The poll also suggests the faith of Canadians in the country's political leaders to ease those fears is still plumbing new depths, said MacLellan.

"I think the biggest problem areas are the behaviour of politicians and how they are not contributing or building trust."

Trust in Prime Minister Justin Trudeau has plummeted in the last 12 months, he added: where 36 per cent of respondents believed he would do right by Canadians a year ago, only 25 per cent do now.

Last month Finance Minister Chrystia Freeland cited anxiety about the cost of living and housing when asked why her government was faring so poorly in opinion polls of late.

Opposition leaders didn't fare much better: public confidence in them registered only slightly higher than it did for Trudeau. About 32 per cent said they trusted Conservative Leader Pierre Poilievre or NDP Leader Jagmeet Singh to do the right thing.

Overall, faith in politicians was at a paltry 17 per cent, something MacLellan said should be a wake-up call to those vying for votes.

Fewer than one in four people surveyed felt that any level of government — federal, provincial or municipal — would be able to solve the affordable housing crisis.

Only one in three said they believed Canada would meet its national climate targets, while just under half of respondents said they trusted the federal government to respond to a natural disaster.

At the provincial level, 47 per cent said they trusted provinces to deliver education, and 44 per cent trusted provinces on public health.

There were some glimmers of hope for a handful of institutions or organizations.

In the 2023 survey, only 30 per cent of respondents said they had faith in Hockey Canada, a few months after the national sporting body saw its entire board of directors resign amid investigations of their handling of sexual misconduct allegations against players.

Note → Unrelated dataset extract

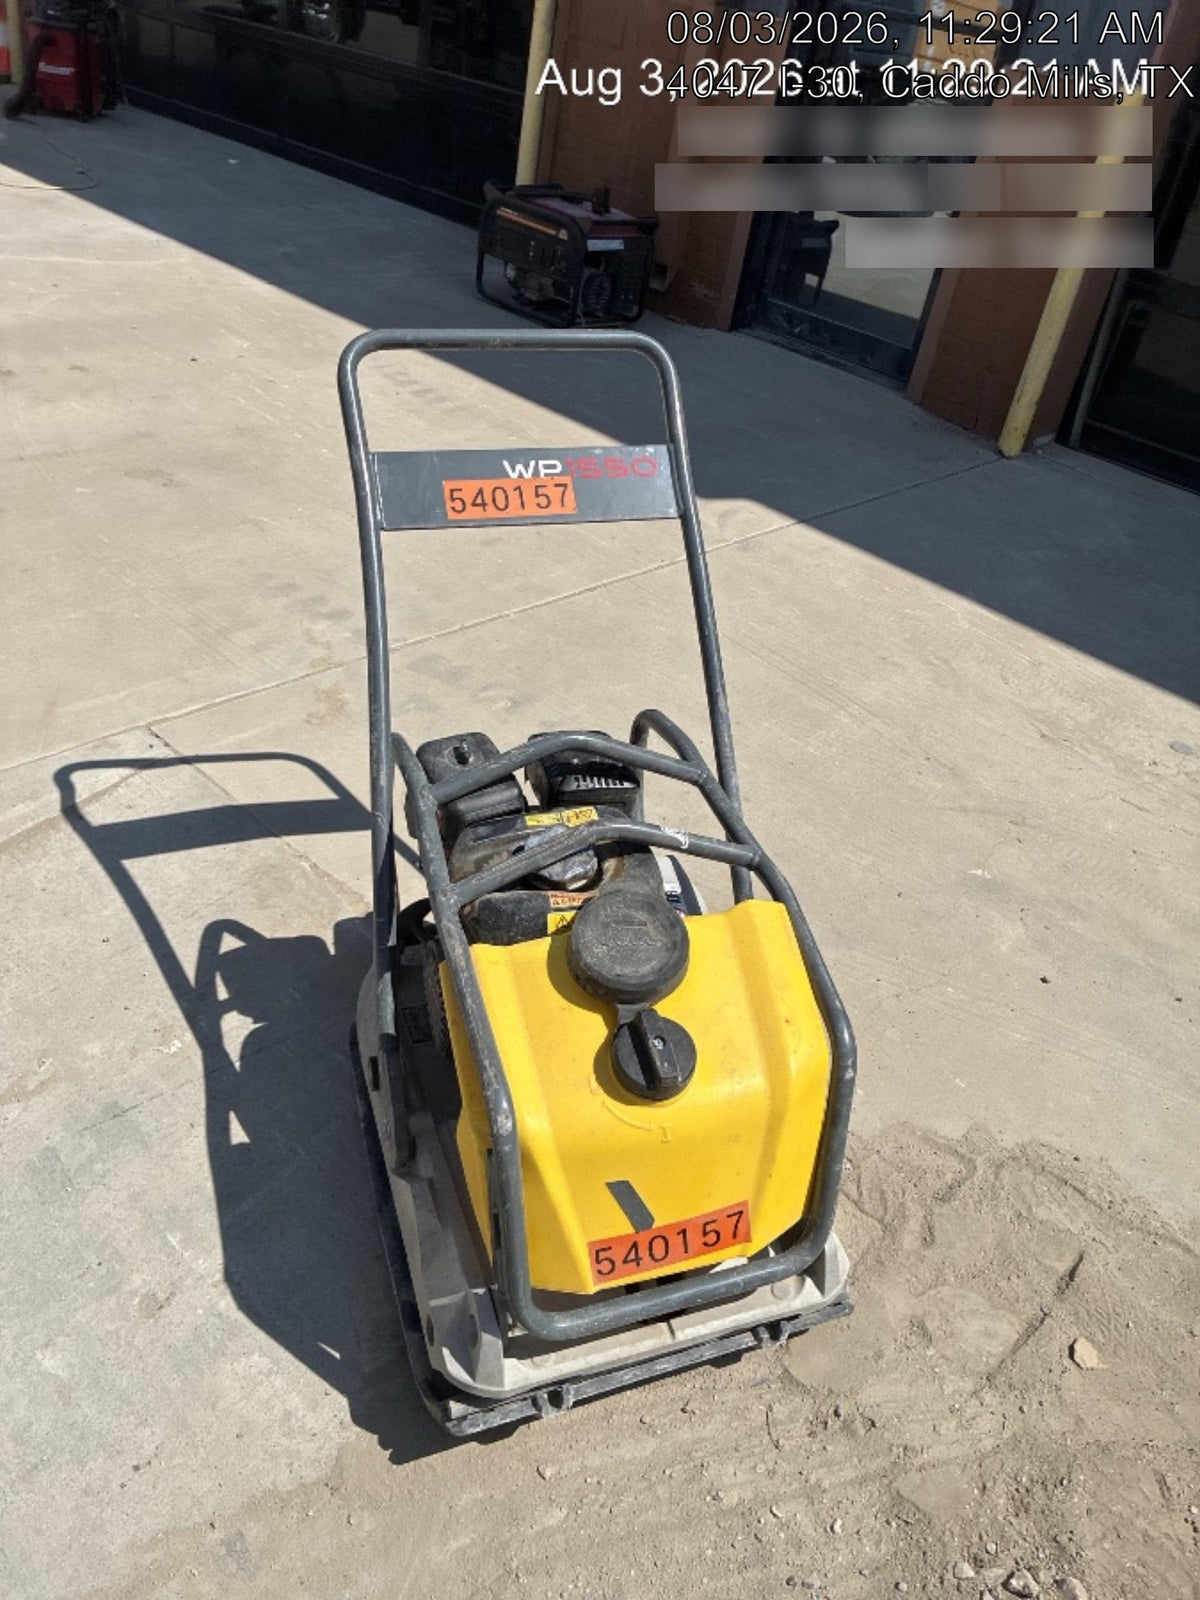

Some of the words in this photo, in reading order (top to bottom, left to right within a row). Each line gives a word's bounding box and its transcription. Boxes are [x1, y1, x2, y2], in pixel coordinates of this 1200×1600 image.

This year, trust in Hockey Canada jumped to 41 per cent.

The news media, too, fared better, said MacLellan. Some 56 per cent of respondents said they trust traditional media to provide reliable information, with 49 per cent saying the same of journalists.

That is still well back of trust in doctors (78 per cent), scientists (74 per cent) and teachers (68 per cent), but well ahead of bankers (40 per cent) and religious leaders (30 per cent).

"These are brutal times for trust," MacLellan said.

"Polarized politics, economic stress, just deliberate disinformation — and yet it's encouraging when we see trust in the news media holding, and growing trust in experts, like scientists and doctors."

The trust index surveyed 1,501 Canadian adults online between Jan. 3 and Jan. 13. Online surveys cannot be assigned a margin of error because they do not randomly sample the population.